Gosta de histórias? Então você precisa ler Sagarana.
A obra que estreia o pujante estilo de Guimarães Rosa começou a ser escrita em 1937 e foi publicada em 1946. Sagarana – hibridismo entre "saga" (histórias germânicas de heroísmo e lutas) e "rana" (do tupi, "que se assemelha a") – reúne nove novelas que se tangenciam no ambiente onde são narradas e no estilo: O burrinho pedrês, A volta do marido pródigo, Sarapalha, Duelo, Minha gente, São Marcos, Corpo fechado, Conversa de bois e A hora e a vez de Augusto Matraga. Algumas edições têm como prefácio uma carta de Guimarães Rosa a seu editor, João Condé, onde ele detalha o processo de escrita das histórias.

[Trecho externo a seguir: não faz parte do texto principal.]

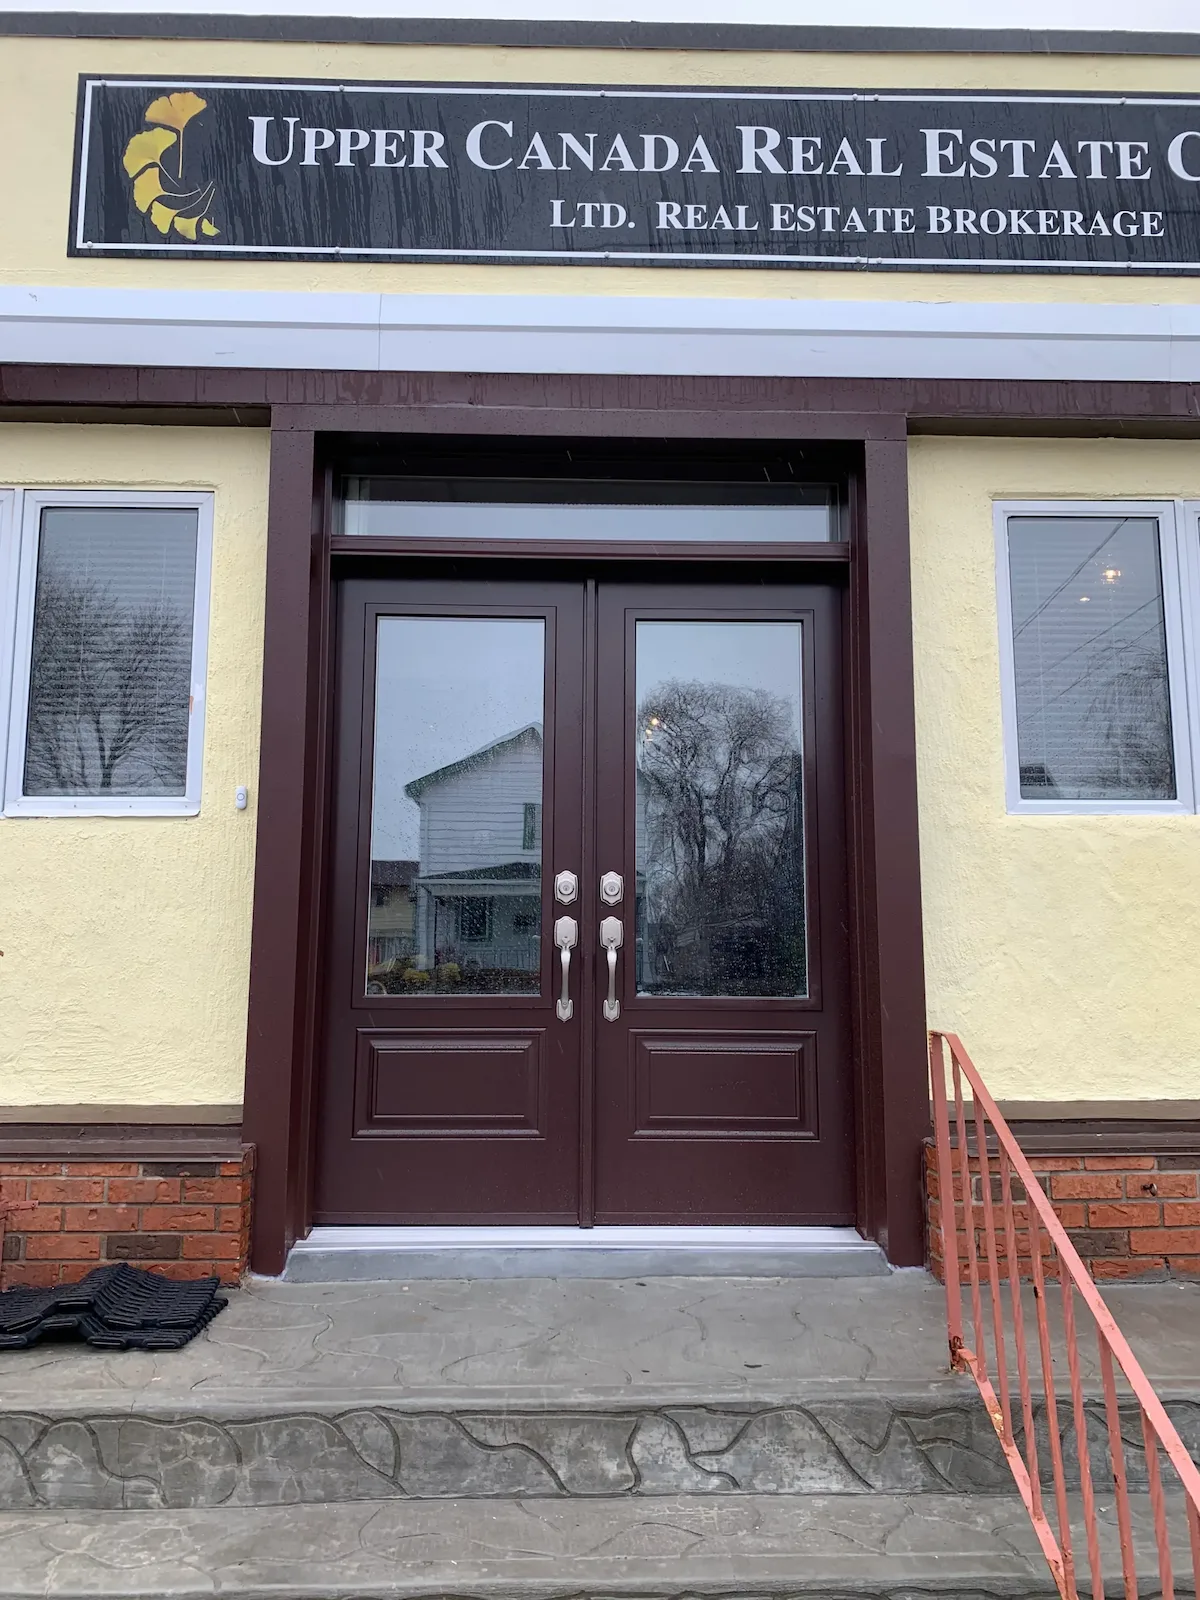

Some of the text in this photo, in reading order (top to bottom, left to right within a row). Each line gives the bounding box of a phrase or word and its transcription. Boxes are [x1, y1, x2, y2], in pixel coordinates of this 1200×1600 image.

[249, 116, 449, 169] UPPER
[465, 120, 721, 173] CANADA
[736, 125, 904, 177] REAL
[919, 128, 1152, 180] ESTATE
[550, 199, 1165, 237] LTD. REAL ESTATE BROKERAGE
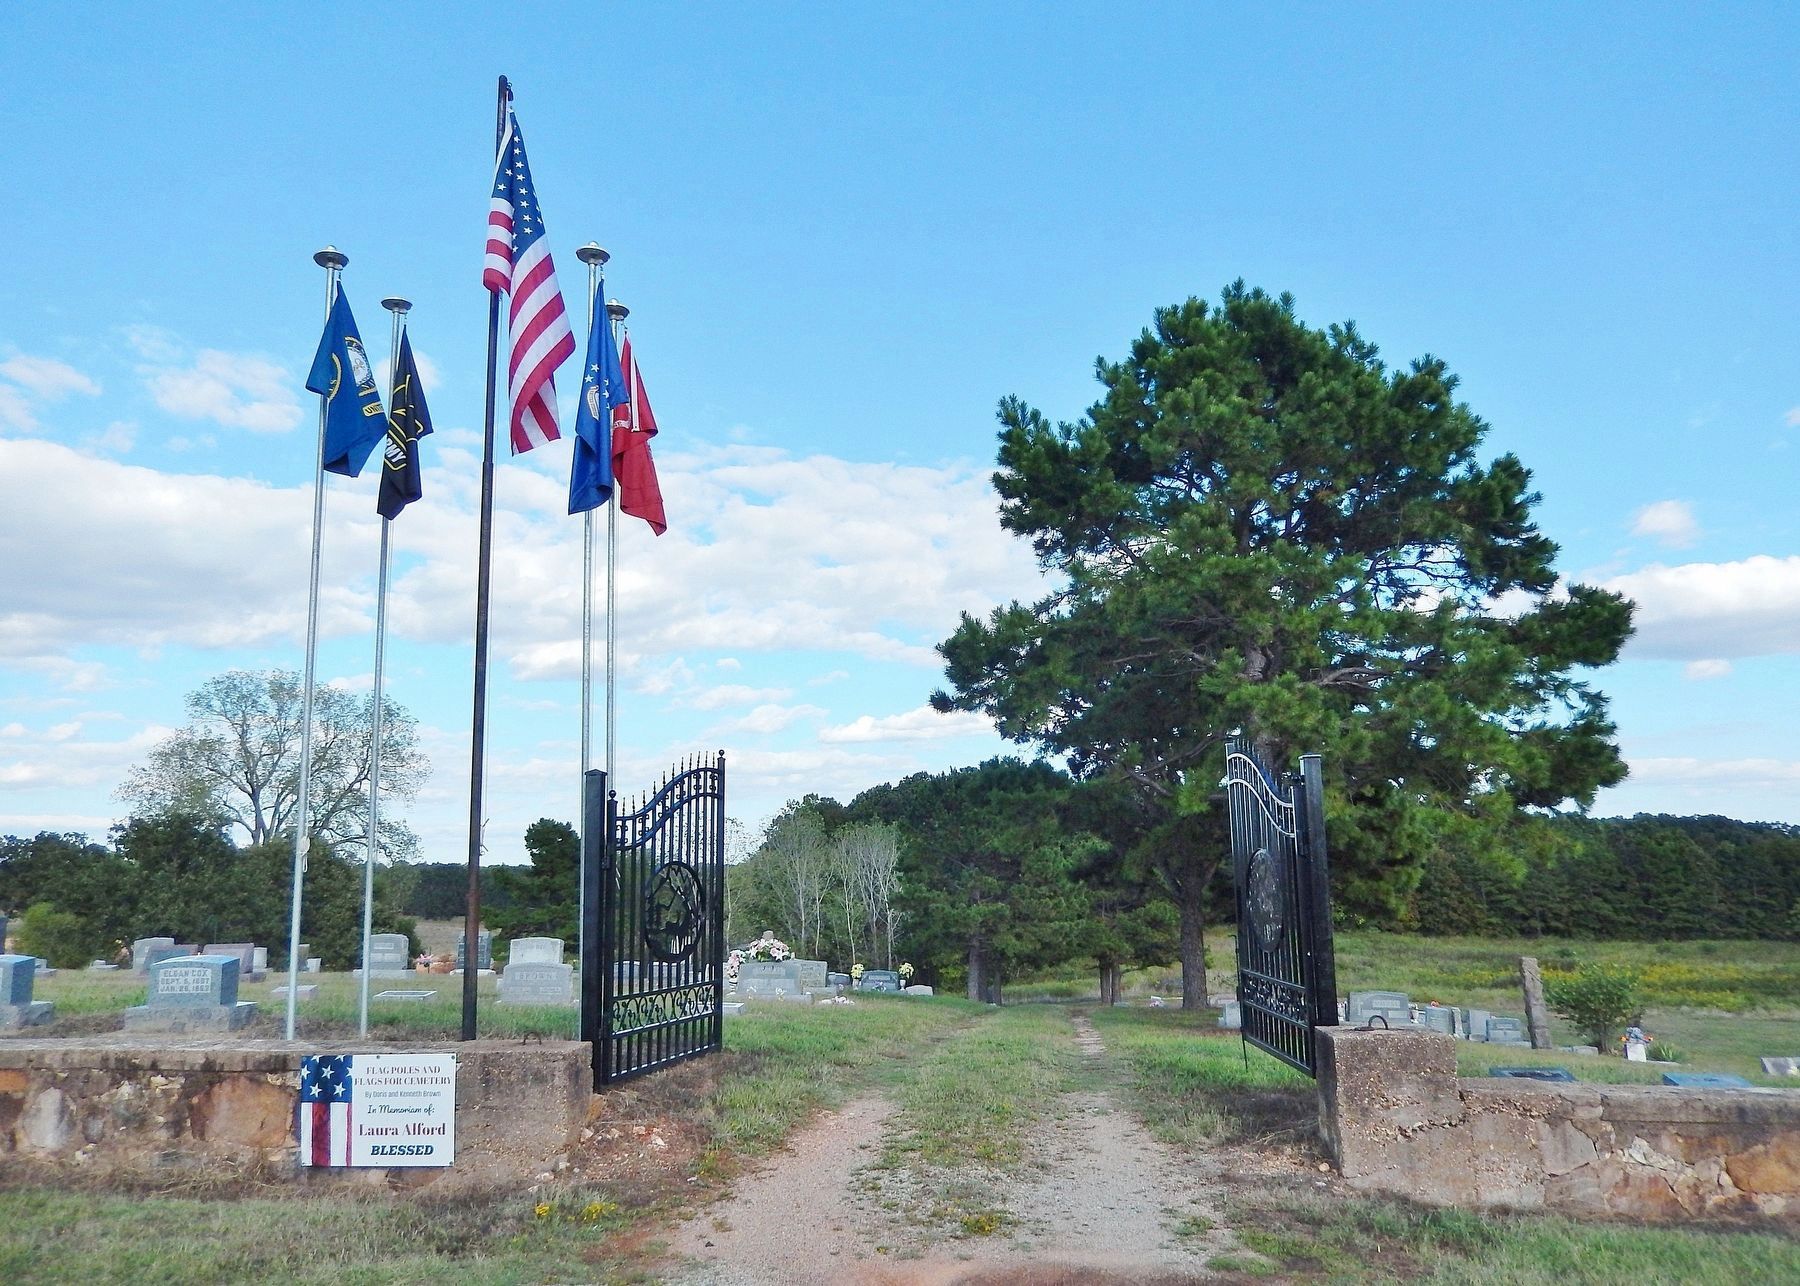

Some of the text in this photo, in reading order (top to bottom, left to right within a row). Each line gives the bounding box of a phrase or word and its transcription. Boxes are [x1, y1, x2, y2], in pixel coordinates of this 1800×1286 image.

[392, 1066, 419, 1074] POLES
[423, 1066, 440, 1074] AND
[384, 1077, 401, 1085] FOR
[404, 1077, 451, 1085] CEMETERY
[368, 1104, 435, 1116] In Memoriam of:
[360, 1123, 446, 1136] Laura Alford
[371, 1145, 433, 1155] BLESSED

Antes, é necessário deixar uma coisa clara sobre a escrita de Guimarães Rosa: é difícil acompanhar. O ritmo é lento como uma caminhada à beira da estrada, o autor se detém em criar fantásticas imagens do ambiente e utiliza palavras e construções pouco usuais. Ao ler Sagarana, o leitor deve esperar que toda a grandeza do sertão seja descortinada, e absorver tudo isso é um processo que requer esforço mental e algumas consultas ao dicionário. O próprio Rosa era ciente disso. Em entrevista a Günter-Lorenz, publicada no livro Diálogo com a América Latina, ele afirmou:
"Como escritor, não posso seguir a receita de Hollywood, segundo a qual é preciso sempre orientar-se pelo limite mais baixo do entendimento. Portanto, torno a repetir: não do ponto de vista filológico e sim do metafísico, no sertão fala-se a língua de Goethe, Dostoievski e Flaubert, porque o sertão é o terreno da eternidade, da solidão (...). No sertão, o homem é o eu que ainda não encontrou um tu; por ali os anjos e o diabo ainda manuseiam a língua".

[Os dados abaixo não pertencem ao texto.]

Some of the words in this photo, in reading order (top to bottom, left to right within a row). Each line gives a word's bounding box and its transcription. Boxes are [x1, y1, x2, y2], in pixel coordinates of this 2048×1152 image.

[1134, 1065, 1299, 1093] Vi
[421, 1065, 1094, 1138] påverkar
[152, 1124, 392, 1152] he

Assim como Cortázar, Rosa rejeita a ideia de que o sertão é simplório, e de que, portanto, contos ambientados nele precisam ser dotados de uma linguagem igualmente simplória. O sertão, para Rosa, carrega a aura do começo dos tempos. Por ter vivido e trabalhado como médico em comunidades rurais, ele sabia do que falava. Capturava histórias e conferia-lhe aspectos perceptíveis apenas com desprendimento e imaginação, sem dispensar o tratamento literário. O resultado é a união perfeita entre forma e conteúdo.
Novelas
Em O burrinho pedrês, o narrador heterodiegético passeia entre os personagens. Na história, um velho burro é escalado, na falta de cavalos, para acompanhar um grupo de vaqueiros que conduz uma boiada. Subestimado, o animal é o único que sobrevive, junto com dois vaqueiros, a uma cheia no rio que deveriam atravessar. Ao longo da narrativa, outras histórias menores são contadas, todas confluindo para o mesmo leito, como vários braços de um rio.A volta do marido pródigo foi a novela mais rapidamente escrita, segundo o próprio Rosa. De fato, além de mais curta, não tem uma estrutura complexa. É narrada em terceira pessoa. Na história, o malandro Lalino larga a esposa e o emprego na estrada de ferro para desfrutar de uma vida dissoluta no Rio de Janeiro. Quando o dinheiro encurta, volta para o interior, onde usará seu cartel de astúcias para ganhar prestígio e recuperar a mulher, que havia se casado novamente.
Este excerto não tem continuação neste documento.